** What you need to do **
When you reach the records below, output every one exactly as written but leave out any pictures.
◆ ◆ ◆ ◆ ◆ ◆ ◆
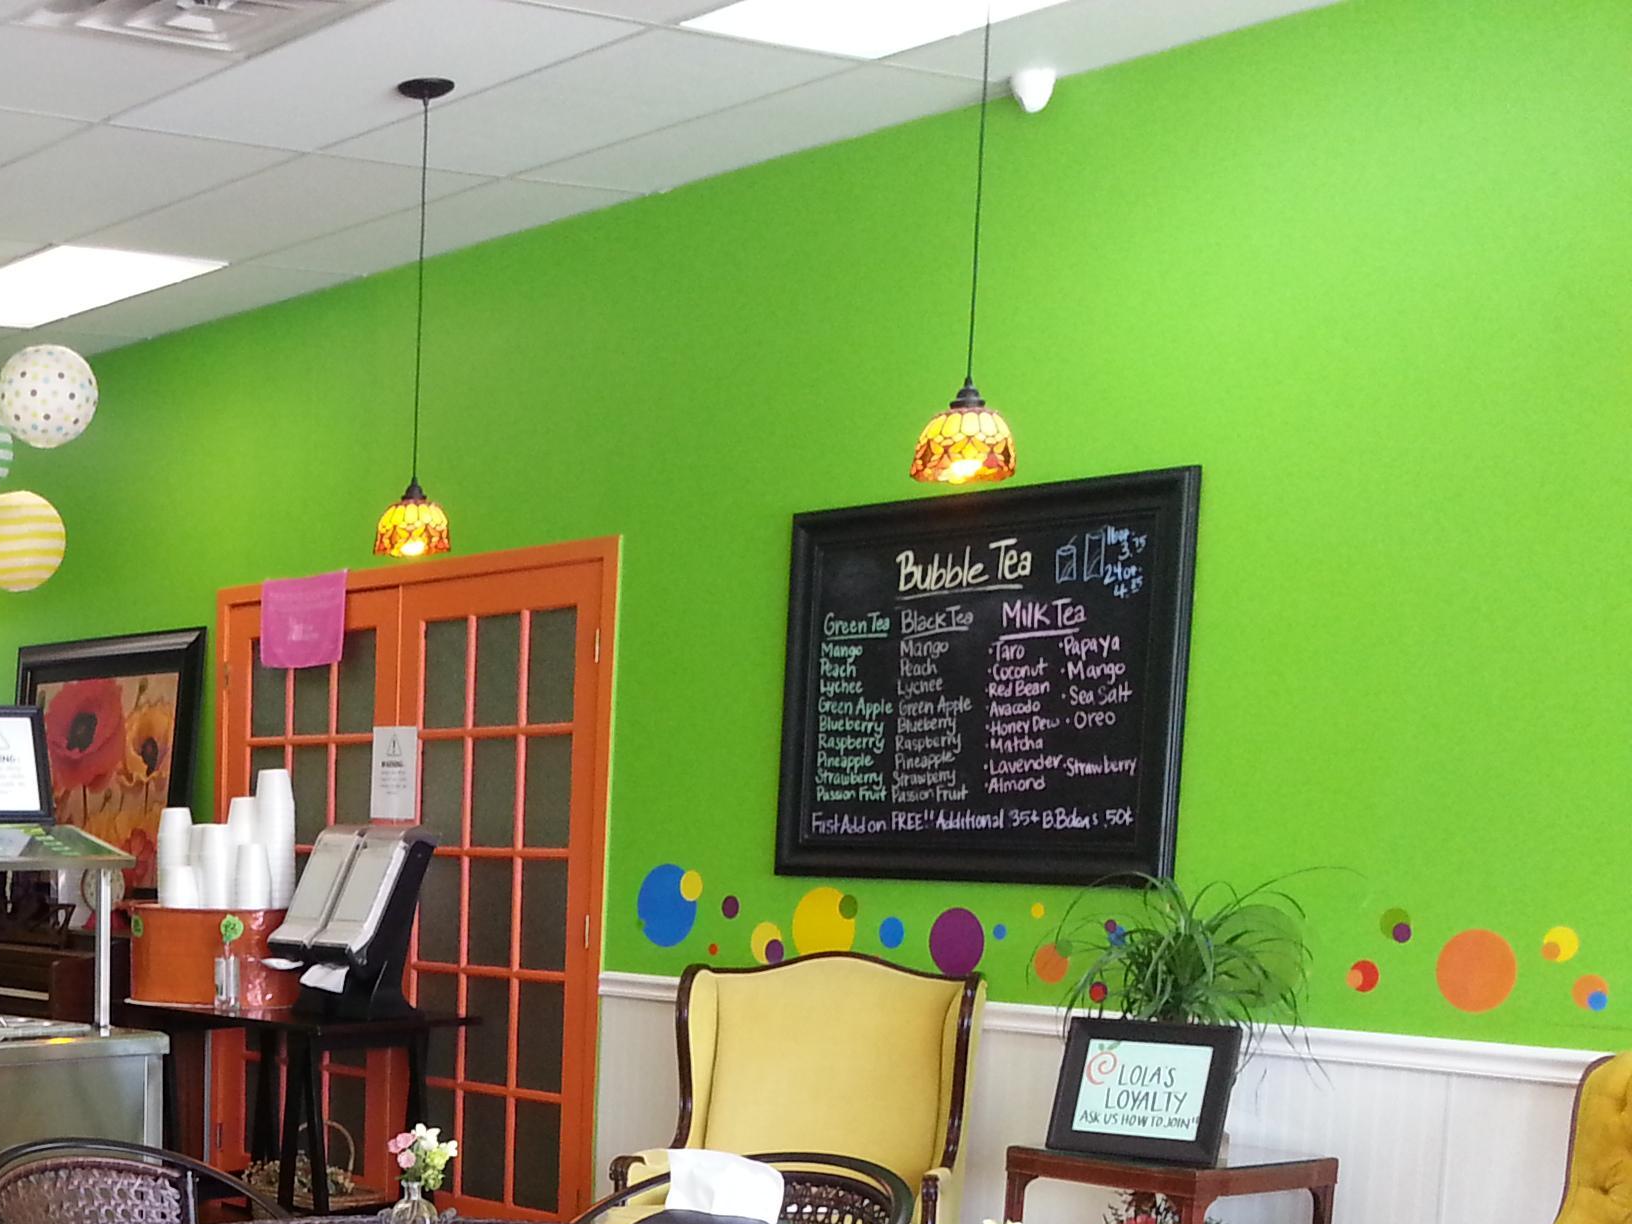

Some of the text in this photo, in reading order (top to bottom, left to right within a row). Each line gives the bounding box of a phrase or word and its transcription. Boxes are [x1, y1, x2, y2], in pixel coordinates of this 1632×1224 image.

[896, 538, 1032, 592] Bubble Tea
[824, 611, 890, 636] Green Tea
[900, 605, 974, 634] Black Tea
[1002, 598, 1087, 629] Milk Tea
[821, 642, 864, 664] Mango
[900, 640, 949, 659] Mango
[992, 641, 1025, 661] Taro
[1063, 634, 1120, 661] Papaya
[820, 658, 857, 678] Peach
[900, 658, 938, 677] Peach
[992, 657, 1049, 681] Coconut
[1067, 660, 1126, 685] Mango
[820, 678, 864, 697] Lychee
[897, 677, 944, 699] Lychee
[989, 681, 1050, 698] Red Bean
[1069, 681, 1133, 706] Sea Salt
[818, 697, 894, 720] Green Apple
[898, 695, 973, 717] Green Apple
[990, 699, 1041, 718] Avacodo
[819, 714, 885, 738] Blueberry
[897, 715, 957, 736] Blueberry
[990, 716, 1060, 736] Honey Dew
[1074, 711, 1116, 729] Oreo
[818, 733, 886, 755] Raspberry
[895, 733, 962, 754] Raspberry
[991, 735, 1044, 753] Matcha
[817, 751, 874, 773] Pineapple
[894, 751, 956, 771] Pineapple
[989, 754, 1063, 775] Lavender
[1065, 755, 1137, 777] Strawberry
[815, 768, 884, 790] Strawberry
[893, 769, 956, 788] Strawberry
[988, 775, 1045, 794] Almond
[816, 786, 887, 802] Passion Fruit
[892, 784, 969, 803] Passion Fruit
[840, 814, 865, 834] Add
[867, 820, 887, 833] on
[935, 808, 1004, 831] Additional
[1118, 1064, 1177, 1088] LOLA'S
[1105, 1088, 1188, 1114] LOYALTY
[1079, 1110, 1100, 1124] ASK
[1103, 1113, 1119, 1125] US
[1121, 1114, 1148, 1127] HOW
[1150, 1116, 1163, 1128] TO
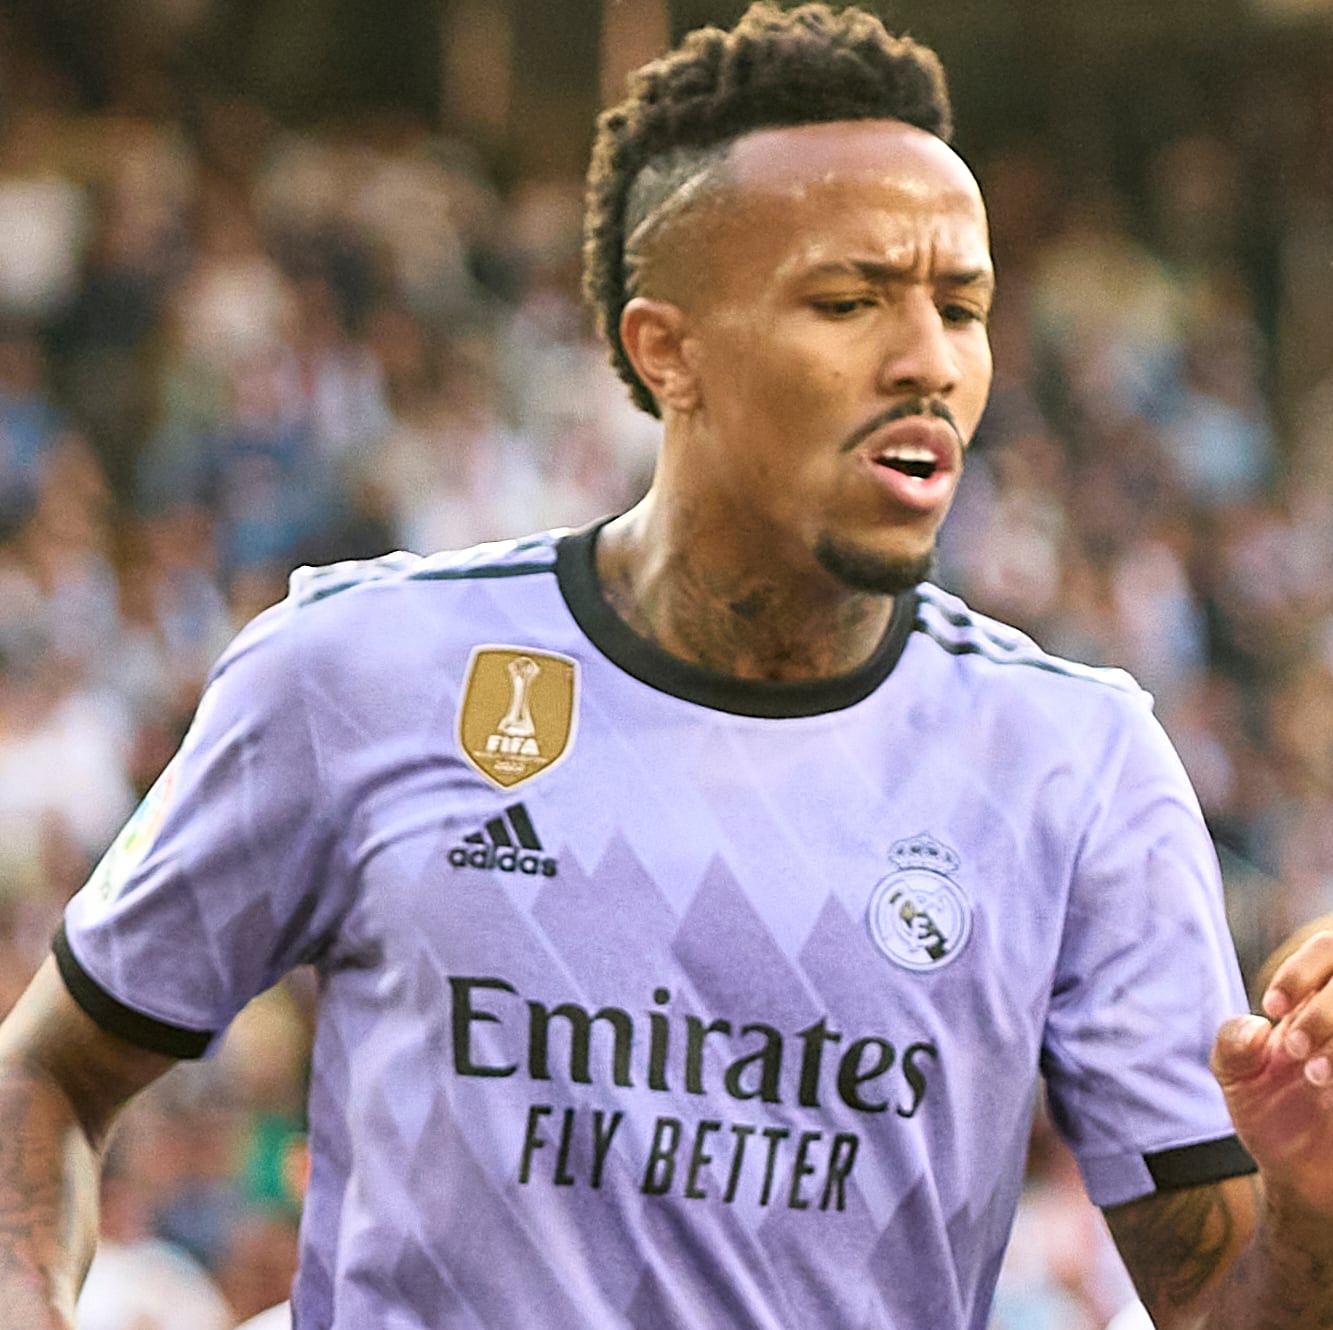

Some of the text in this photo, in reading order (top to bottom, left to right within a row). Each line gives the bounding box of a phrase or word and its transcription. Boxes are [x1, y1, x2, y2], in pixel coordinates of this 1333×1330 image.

[448, 842, 558, 878] adidas
[449, 975, 938, 1118] Emirates
[518, 1104, 860, 1212] FLY BETTER
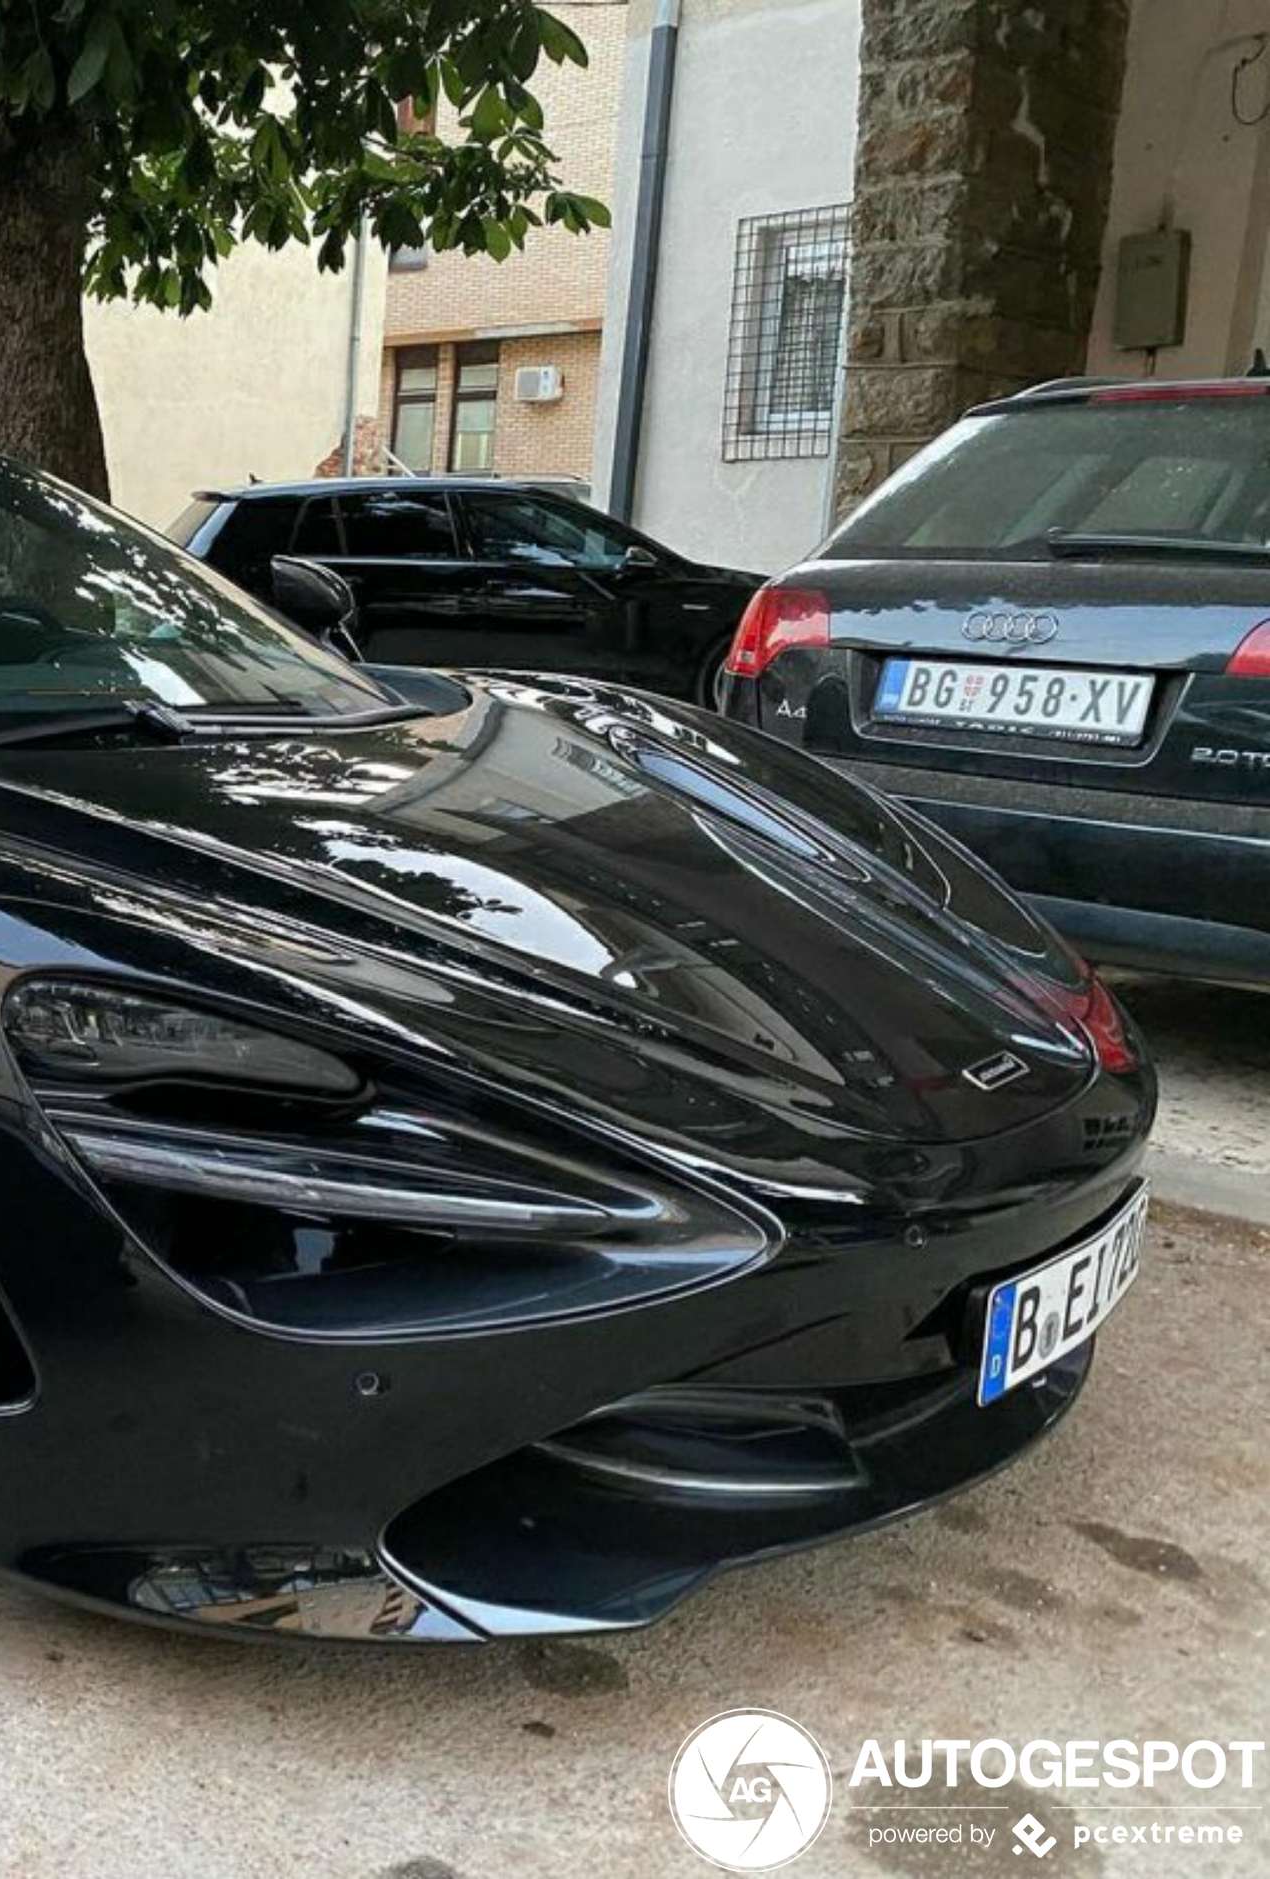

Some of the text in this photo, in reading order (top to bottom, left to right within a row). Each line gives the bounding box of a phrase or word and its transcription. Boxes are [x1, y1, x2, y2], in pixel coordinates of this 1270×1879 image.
◆ ◆ ◆ ◆ ◆ ◆ ◆
** Exercise response **
Some of the text in this photo, in reading order (top to bottom, left to right within a row). Each line gives the bounding box of a phrase or word and its transcription. Boxes are [x1, y1, x2, y2], in pixel coordinates of this 1632×1224 image.

[896, 538, 1032, 592] Bubble Tea
[824, 611, 890, 636] Green Tea
[900, 605, 974, 634] Black Tea
[1002, 598, 1087, 629] Milk Tea
[821, 642, 864, 664] Mango
[900, 640, 949, 659] Mango
[992, 641, 1025, 661] Taro
[1063, 634, 1120, 661] Papaya
[820, 658, 857, 678] Peach
[900, 658, 938, 677] Peach
[992, 657, 1049, 681] Coconut
[1067, 660, 1126, 685] Mango
[820, 678, 864, 697] Lychee
[897, 677, 944, 699] Lychee
[989, 681, 1050, 698] Red Bean
[1069, 681, 1133, 706] Sea Salt
[818, 697, 894, 720] Green Apple
[898, 695, 973, 717] Green Apple
[990, 699, 1041, 718] Avacodo
[819, 714, 885, 738] Blueberry
[897, 715, 957, 736] Blueberry
[990, 716, 1060, 736] Honey Dew
[1074, 711, 1116, 729] Oreo
[818, 733, 886, 755] Raspberry
[895, 733, 962, 754] Raspberry
[991, 735, 1044, 753] Matcha
[817, 751, 874, 773] Pineapple
[894, 751, 956, 771] Pineapple
[989, 754, 1063, 775] Lavender
[1065, 755, 1137, 777] Strawberry
[815, 768, 884, 790] Strawberry
[893, 769, 956, 788] Strawberry
[988, 775, 1045, 794] Almond
[816, 786, 887, 802] Passion Fruit
[892, 784, 969, 803] Passion Fruit
[840, 814, 865, 834] Add
[867, 820, 887, 833] on
[935, 808, 1004, 831] Additional
[1118, 1064, 1177, 1088] LOLA'S
[1105, 1088, 1188, 1114] LOYALTY
[1079, 1110, 1100, 1124] ASK
[1103, 1113, 1119, 1125] US
[1121, 1114, 1148, 1127] HOW
[1150, 1116, 1163, 1128] TO

Some of the text in this photo, in reading order (top to bottom, left to right within a row). Each line gives the bounding box of a phrase or word and its transcription. Boxes are [x1, y1, x2, y2], in pixel coordinates of this 1333×1330 image.

[448, 842, 558, 878] adidas
[449, 975, 938, 1118] Emirates
[518, 1104, 860, 1212] FLY BETTER

Some of the text in this photo, in reading order (top to bottom, left to right within a row). Each line gives the bounding box of a phrase or word and its transcription. Boxes are [x1, y1, x2, y2], in pixel coordinates of this 1270×1879 image.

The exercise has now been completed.